• **Task brief**
Images within the entries are to be omitted; the remainder must be reproduced exactly.

• **Records for processing**

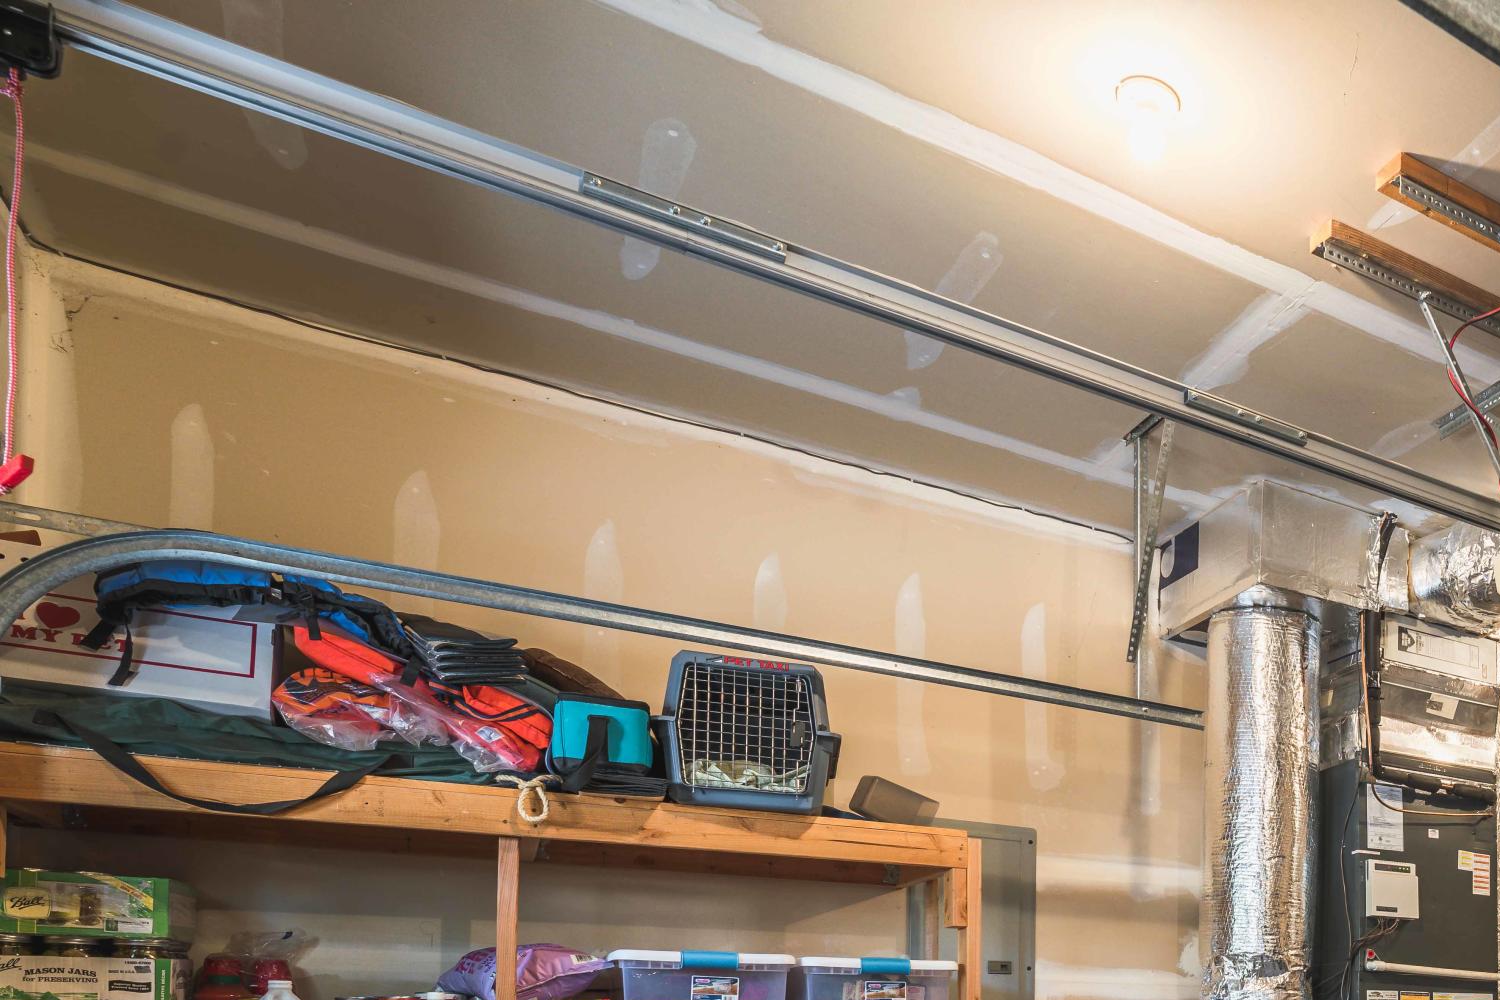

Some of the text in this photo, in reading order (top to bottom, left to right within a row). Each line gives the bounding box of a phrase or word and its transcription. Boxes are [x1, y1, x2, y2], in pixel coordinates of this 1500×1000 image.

[10, 624, 127, 653] MY PT
[10, 896, 45, 910] Ball
[0, 957, 22, 971] all
[25, 967, 97, 977] MASON JARS

• **Task response**
Some of the text in this photo, in reading order (top to bottom, left to right within a row). Each line gives the bounding box of a phrase or word and its transcription. Boxes are [x1, y1, x2, y2], in pixel coordinates of this 1500×1000 image.

[10, 624, 127, 653] MY PT
[10, 896, 45, 910] Ball
[0, 957, 22, 971] all
[25, 967, 97, 977] MASON JARS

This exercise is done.